When two men become friends, their sets of acquaintances merge into one set. This might remind you of the disjoint-set data structure and the union-find algorithm which can merge two disjoint sets in *O*(*α*(*n*)) amortized time. But this is a red herring. In fact, a more “naive” approach works much better in this problem.

Consider the standard problem solved by the union-find algorithm: we have *n* elements, each initially belonging to a singleton set, and we want to be able to *merge* two sets together and to *find* which set a particular element belongs to. The *O*(*α*(*n*)) algorithm uses union-by-rank and path compression, but there is a simpler solution.

For each element, we will remember the ID of the set it belongs to, and for each set we will remember the list of its elements.
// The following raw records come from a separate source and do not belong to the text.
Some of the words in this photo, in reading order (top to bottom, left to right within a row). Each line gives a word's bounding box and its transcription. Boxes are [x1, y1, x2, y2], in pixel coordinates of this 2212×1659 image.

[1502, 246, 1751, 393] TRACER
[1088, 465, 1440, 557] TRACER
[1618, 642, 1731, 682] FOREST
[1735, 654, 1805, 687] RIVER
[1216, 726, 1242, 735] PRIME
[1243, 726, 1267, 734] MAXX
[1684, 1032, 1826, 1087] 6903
Thus, *find* is *O*(1). When we want to *merge* two sets, we simply take the smaller of the two, iterate over its elements, and move them to the other set one by one. This trivial algorithm actually achieves *O*(*n*log*n*) total merging time. This is because we always move elements from a smaller set to a bigger set, so when an element moves, its new set is always at least twice as big as the old one. Thus, each element can move at most log*n* times.
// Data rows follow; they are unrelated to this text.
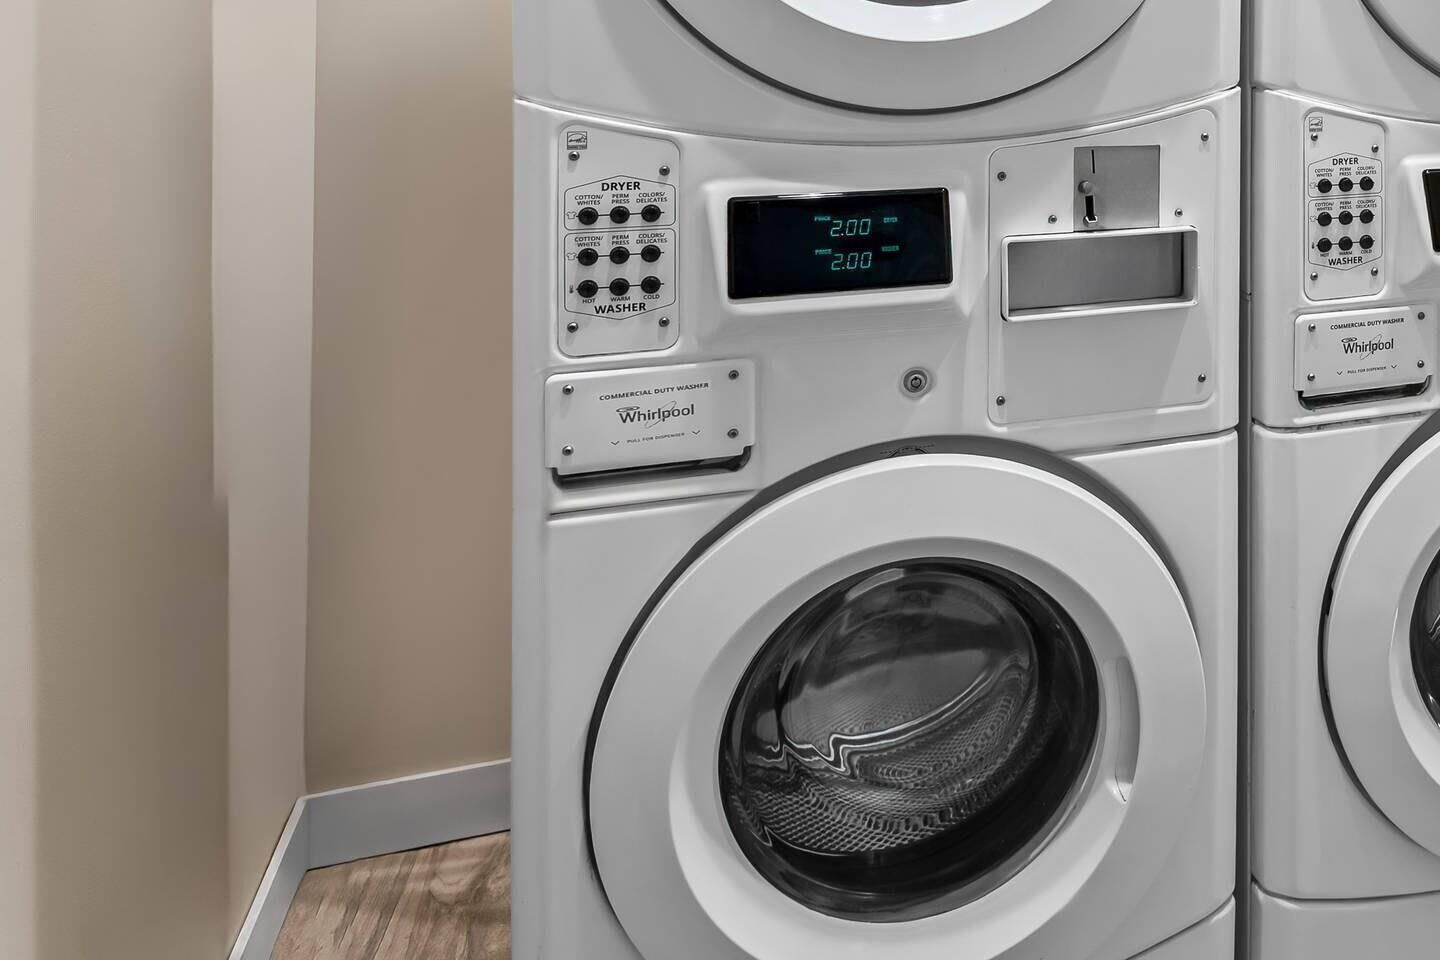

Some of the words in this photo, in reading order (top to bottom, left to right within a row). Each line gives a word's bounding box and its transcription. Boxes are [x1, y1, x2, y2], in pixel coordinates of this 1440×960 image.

[1332, 157, 1359, 166] DRYER
[601, 181, 641, 192] DRYER
[830, 218, 871, 237] 2.00
[831, 252, 873, 271] 2.00
[1328, 256, 1363, 266] WASHER
[594, 302, 646, 314] WASHER
[1330, 322, 1366, 330] COMMERCIAL
[1382, 317, 1405, 325] WASHER
[1343, 338, 1394, 355] Whirlpool
[599, 389, 653, 401] COMMERCIAL
[654, 386, 675, 394] DUTY
[676, 382, 709, 391] WASHER
[618, 403, 695, 424] Whirlpool
Let’s use this idea in our problem. Each couple will have a pair (*m*_{i}, *w*_{i}), where *m*_{i} is the ID of the set the man belongs to, and *w*_{i} is the ID of the set the woman belongs to. So two men *i* and *j* are acquaintances if *m*_{i} = *m*_{j}, and two couples *i* and *j* are familiar if (*m*_{i}, *w*_{i}) = (*m*_{j}, *w*_{j}).
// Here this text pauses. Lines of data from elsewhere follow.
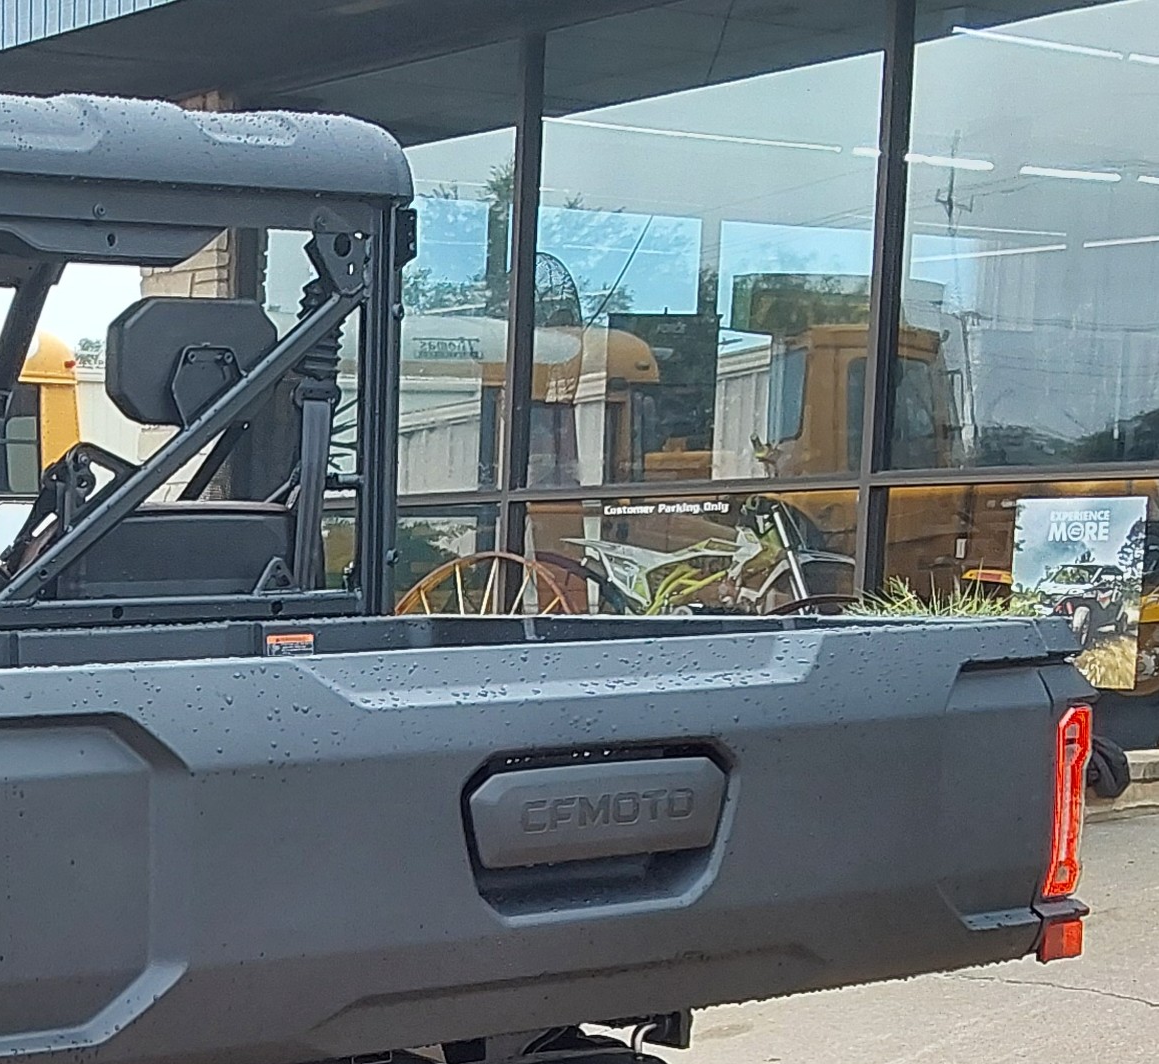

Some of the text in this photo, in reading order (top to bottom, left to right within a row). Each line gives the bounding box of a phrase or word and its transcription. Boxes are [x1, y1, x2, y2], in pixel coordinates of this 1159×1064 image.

[603, 500, 730, 516] Customer Parking Only
[1049, 509, 1111, 522] EXPERIENCE
[1047, 521, 1111, 542] MORE
[520, 787, 694, 835] CFMOTO
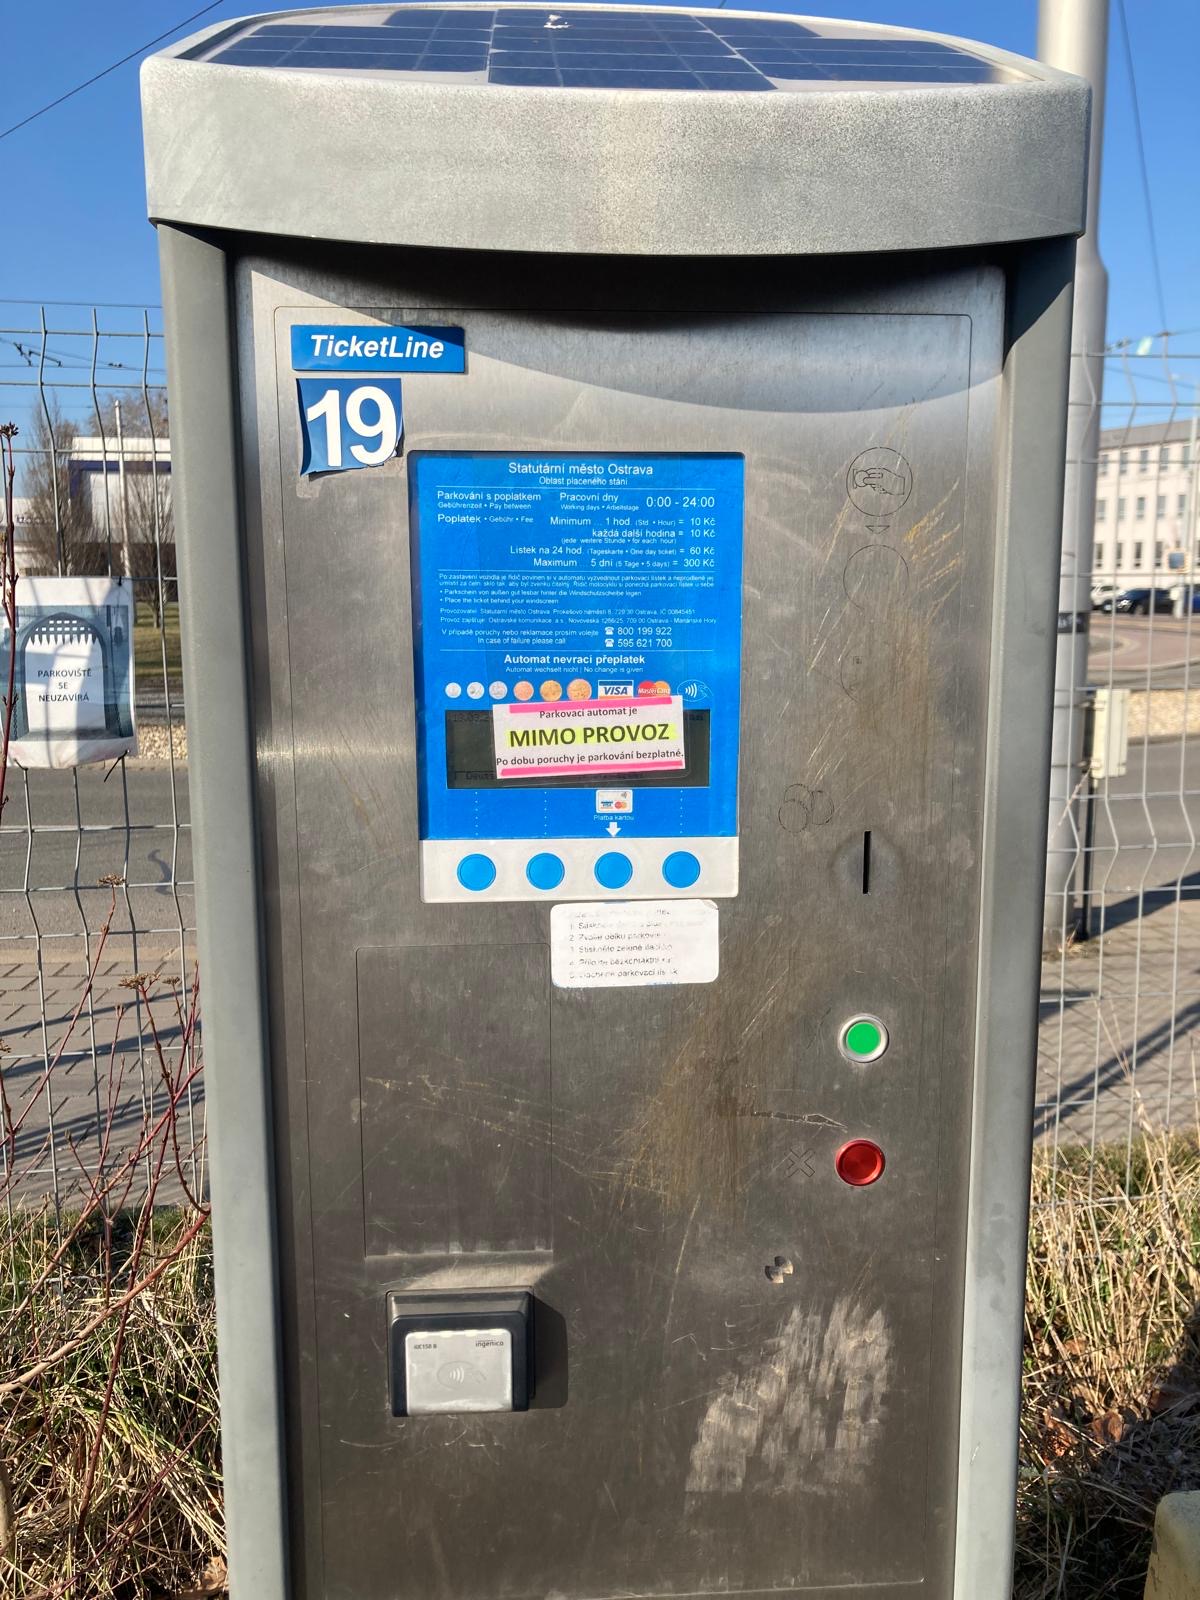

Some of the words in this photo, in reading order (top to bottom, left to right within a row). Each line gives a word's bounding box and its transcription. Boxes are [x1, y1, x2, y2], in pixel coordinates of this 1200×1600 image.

[311, 335, 444, 358] TicketLine
[307, 386, 397, 467] 19
[508, 462, 565, 474] Statutární
[569, 463, 604, 475] město
[608, 464, 653, 475] Ostrava
[539, 476, 565, 485] Oblast
[566, 475, 607, 487] placeného
[609, 477, 628, 486] stání
[437, 490, 483, 500] Parkování
[494, 492, 541, 503] poplatkem
[559, 492, 600, 502] Pracovní
[602, 493, 619, 504] dny
[489, 502, 502, 511] Pay
[503, 502, 532, 510] between
[646, 496, 672, 508] 0:00
[682, 496, 715, 508] 24:00
[560, 504, 585, 512] Working
[585, 504, 600, 512] days
[605, 504, 640, 512] Arbeitstage
[437, 514, 481, 524] Poplatek
[489, 515, 514, 523] Gebühr
[520, 515, 534, 523] Fee
[550, 516, 592, 526] Minimum
[690, 517, 701, 526] 10
[703, 517, 716, 526] Kč
[592, 528, 619, 538] každá
[621, 528, 643, 538] další
[645, 529, 676, 538] hodina
[690, 529, 701, 538] 10
[703, 528, 716, 538] Kč
[510, 546, 536, 555] Lístek
[552, 546, 563, 555] 24
[645, 548, 656, 557] day
[690, 546, 701, 556] 60
[703, 546, 715, 556] Kč
[533, 558, 577, 567] Maximum
[590, 558, 596, 568] 5
[598, 558, 613, 568] dní
[624, 560, 640, 569] Tage
[683, 558, 701, 568] 300
[702, 559, 715, 568] Kč
[441, 628, 447, 636] V
[448, 628, 474, 637] případě
[474, 629, 501, 637] poruchy
[519, 629, 554, 637] reklamace
[554, 629, 577, 638] prosím
[578, 630, 599, 638] volejte
[617, 626, 634, 636] 800
[637, 627, 653, 636] 199
[655, 627, 672, 636] 922
[502, 637, 510, 645] of
[510, 637, 531, 645] failure
[531, 638, 553, 647] please
[617, 638, 634, 648] 595
[636, 639, 653, 648] 621
[655, 638, 673, 648] 700
[504, 654, 551, 664] Automat
[553, 654, 593, 664] nevrací
[595, 654, 646, 666] přeplatek
[37, 668, 92, 679] PARKOVIŠTĚ
[594, 666, 618, 674] change
[58, 681, 68, 690] SE
[604, 687, 628, 695] VISA
[38, 693, 90, 703] NEUZAVÍRÁ
[539, 709, 585, 719] Parkovací
[587, 708, 627, 717] automat
[628, 707, 638, 717] je
[510, 727, 576, 748] MIMO
[583, 723, 670, 744] PROVOZ
[496, 757, 509, 766] Po
[511, 756, 535, 765] dobu
[537, 755, 575, 766] poruchy
[577, 754, 586, 764] je
[588, 751, 634, 764] parkování
[636, 749, 684, 760] bezplatné.
[475, 1340, 504, 1348] ingenico
When a man belonging in set *a* and a man belonging in set *b* become friends, we have to merge the two sets. First, we find which of them is bigger – for example the set containing *a*. Then we just iterate over each couple where *m*_{i} = *b*, and change it to *a*. For women, we do the same. Like above, we still move each couple at most *O*(log*n*) times.

We can do this easily if, for each *a*, we keep a list of all couples where *m*_{i} = *a*, and a list of all couples where *w*_{i} = *a*. We update these lists whenever we move any couple from one set to another. Similarly, for each *a* and *b*, we remember the number of couples with these particular numbers (*a*, *b*). Whenever this number increases, we change the total number of familiar pairs of couples appropriately.